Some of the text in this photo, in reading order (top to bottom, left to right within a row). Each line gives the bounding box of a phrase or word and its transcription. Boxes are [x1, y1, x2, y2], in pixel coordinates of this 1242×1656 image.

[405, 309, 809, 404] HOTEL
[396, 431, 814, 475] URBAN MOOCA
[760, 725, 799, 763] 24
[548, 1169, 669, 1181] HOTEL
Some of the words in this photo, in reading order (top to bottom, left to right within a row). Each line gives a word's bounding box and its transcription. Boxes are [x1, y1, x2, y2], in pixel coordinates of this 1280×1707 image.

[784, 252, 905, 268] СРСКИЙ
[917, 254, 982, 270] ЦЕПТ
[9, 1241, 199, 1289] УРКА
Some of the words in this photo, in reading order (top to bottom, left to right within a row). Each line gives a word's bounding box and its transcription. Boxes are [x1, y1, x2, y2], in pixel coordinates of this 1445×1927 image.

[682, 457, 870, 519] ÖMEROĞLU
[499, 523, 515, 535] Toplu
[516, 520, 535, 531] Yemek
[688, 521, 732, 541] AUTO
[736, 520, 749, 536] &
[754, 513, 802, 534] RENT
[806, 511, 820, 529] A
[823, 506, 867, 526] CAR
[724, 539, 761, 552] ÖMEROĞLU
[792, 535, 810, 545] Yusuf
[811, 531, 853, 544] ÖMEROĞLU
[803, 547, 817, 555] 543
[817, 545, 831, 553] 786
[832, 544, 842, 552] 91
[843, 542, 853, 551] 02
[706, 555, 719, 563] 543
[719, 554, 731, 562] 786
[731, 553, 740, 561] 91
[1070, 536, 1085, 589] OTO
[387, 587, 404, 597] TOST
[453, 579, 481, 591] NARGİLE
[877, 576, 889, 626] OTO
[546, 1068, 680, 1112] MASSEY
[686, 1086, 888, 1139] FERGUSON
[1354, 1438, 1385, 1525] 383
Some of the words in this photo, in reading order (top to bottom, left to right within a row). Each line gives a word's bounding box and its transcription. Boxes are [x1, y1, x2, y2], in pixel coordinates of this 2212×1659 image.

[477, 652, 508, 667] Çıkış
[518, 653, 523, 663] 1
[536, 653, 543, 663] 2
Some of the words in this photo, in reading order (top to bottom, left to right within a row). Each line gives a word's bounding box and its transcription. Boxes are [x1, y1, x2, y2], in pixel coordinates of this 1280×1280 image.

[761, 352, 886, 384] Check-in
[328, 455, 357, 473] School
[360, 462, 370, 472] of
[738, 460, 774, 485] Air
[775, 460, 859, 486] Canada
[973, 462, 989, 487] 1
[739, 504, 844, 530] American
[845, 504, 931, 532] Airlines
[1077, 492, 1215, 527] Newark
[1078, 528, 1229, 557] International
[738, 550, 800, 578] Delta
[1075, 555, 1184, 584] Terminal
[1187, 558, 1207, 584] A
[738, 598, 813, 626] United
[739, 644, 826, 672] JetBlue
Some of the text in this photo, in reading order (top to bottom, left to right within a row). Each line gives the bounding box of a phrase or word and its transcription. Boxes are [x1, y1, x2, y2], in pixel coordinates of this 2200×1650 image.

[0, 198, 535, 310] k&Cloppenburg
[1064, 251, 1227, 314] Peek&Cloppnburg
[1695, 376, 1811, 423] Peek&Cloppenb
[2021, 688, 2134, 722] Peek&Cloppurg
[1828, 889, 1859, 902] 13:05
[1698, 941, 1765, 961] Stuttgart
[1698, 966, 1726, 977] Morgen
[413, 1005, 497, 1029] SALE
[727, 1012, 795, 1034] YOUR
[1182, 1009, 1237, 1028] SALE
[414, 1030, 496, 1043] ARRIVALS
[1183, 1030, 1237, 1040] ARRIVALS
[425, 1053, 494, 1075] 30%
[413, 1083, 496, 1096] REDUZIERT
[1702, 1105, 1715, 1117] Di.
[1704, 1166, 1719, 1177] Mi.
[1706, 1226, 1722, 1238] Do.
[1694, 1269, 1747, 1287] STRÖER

* _ABOUT THIS EXERCISE_
Set down the whole of the material, exactly.

* _PROBLEM SOLUTION_
Some of the text in this photo, in reading order (top to bottom, left to right within a row). Each line gives the bounding box of a phrase or word and its transcription. Boxes are [x1, y1, x2, y2], in pixel coordinates of this 1242×1656 image.

[405, 309, 809, 404] HOTEL
[396, 431, 814, 475] URBAN MOOCA
[760, 725, 799, 763] 24
[548, 1169, 669, 1181] HOTEL
Some of the words in this photo, in reading order (top to bottom, left to right within a row). Each line gives a word's bounding box and its transcription. Boxes are [x1, y1, x2, y2], in pixel coordinates of this 1280×1707 image.

[784, 252, 905, 268] СРСКИЙ
[917, 254, 982, 270] ЦЕПТ
[9, 1241, 199, 1289] УРКА
Some of the words in this photo, in reading order (top to bottom, left to right within a row). Each line gives a word's bounding box and its transcription. Boxes are [x1, y1, x2, y2], in pixel coordinates of this 1445×1927 image.

[682, 457, 870, 519] ÖMEROĞLU
[499, 523, 515, 535] Toplu
[516, 520, 535, 531] Yemek
[688, 521, 732, 541] AUTO
[736, 520, 749, 536] &
[754, 513, 802, 534] RENT
[806, 511, 820, 529] A
[823, 506, 867, 526] CAR
[724, 539, 761, 552] ÖMEROĞLU
[792, 535, 810, 545] Yusuf
[811, 531, 853, 544] ÖMEROĞLU
[803, 547, 817, 555] 543
[817, 545, 831, 553] 786
[832, 544, 842, 552] 91
[843, 542, 853, 551] 02
[706, 555, 719, 563] 543
[719, 554, 731, 562] 786
[731, 553, 740, 561] 91
[1070, 536, 1085, 589] OTO
[387, 587, 404, 597] TOST
[453, 579, 481, 591] NARGİLE
[877, 576, 889, 626] OTO
[546, 1068, 680, 1112] MASSEY
[686, 1086, 888, 1139] FERGUSON
[1354, 1438, 1385, 1525] 383
Some of the words in this photo, in reading order (top to bottom, left to right within a row). Each line gives a word's bounding box and its transcription. Boxes are [x1, y1, x2, y2], in pixel coordinates of this 2212×1659 image.

[477, 652, 508, 667] Çıkış
[518, 653, 523, 663] 1
[536, 653, 543, 663] 2
Some of the words in this photo, in reading order (top to bottom, left to right within a row). Each line gives a word's bounding box and its transcription. Boxes are [x1, y1, x2, y2], in pixel coordinates of this 1280×1280 image.

[761, 352, 886, 384] Check-in
[328, 455, 357, 473] School
[360, 462, 370, 472] of
[738, 460, 774, 485] Air
[775, 460, 859, 486] Canada
[973, 462, 989, 487] 1
[739, 504, 844, 530] American
[845, 504, 931, 532] Airlines
[1077, 492, 1215, 527] Newark
[1078, 528, 1229, 557] International
[738, 550, 800, 578] Delta
[1075, 555, 1184, 584] Terminal
[1187, 558, 1207, 584] A
[738, 598, 813, 626] United
[739, 644, 826, 672] JetBlue
Some of the text in this photo, in reading order (top to bottom, left to right within a row). Each line gives the bounding box of a phrase or word and its transcription. Boxes are [x1, y1, x2, y2], in pixel coordinates of this 2200×1650 image.

[0, 198, 535, 310] k&Cloppenburg
[1064, 251, 1227, 314] Peek&Cloppnburg
[1695, 376, 1811, 423] Peek&Cloppenb
[2021, 688, 2134, 722] Peek&Cloppurg
[1828, 889, 1859, 902] 13:05
[1698, 941, 1765, 961] Stuttgart
[1698, 966, 1726, 977] Morgen
[413, 1005, 497, 1029] SALE
[727, 1012, 795, 1034] YOUR
[1182, 1009, 1237, 1028] SALE
[414, 1030, 496, 1043] ARRIVALS
[1183, 1030, 1237, 1040] ARRIVALS
[425, 1053, 494, 1075] 30%
[413, 1083, 496, 1096] REDUZIERT
[1702, 1105, 1715, 1117] Di.
[1704, 1166, 1719, 1177] Mi.
[1706, 1226, 1722, 1238] Do.
[1694, 1269, 1747, 1287] STRÖER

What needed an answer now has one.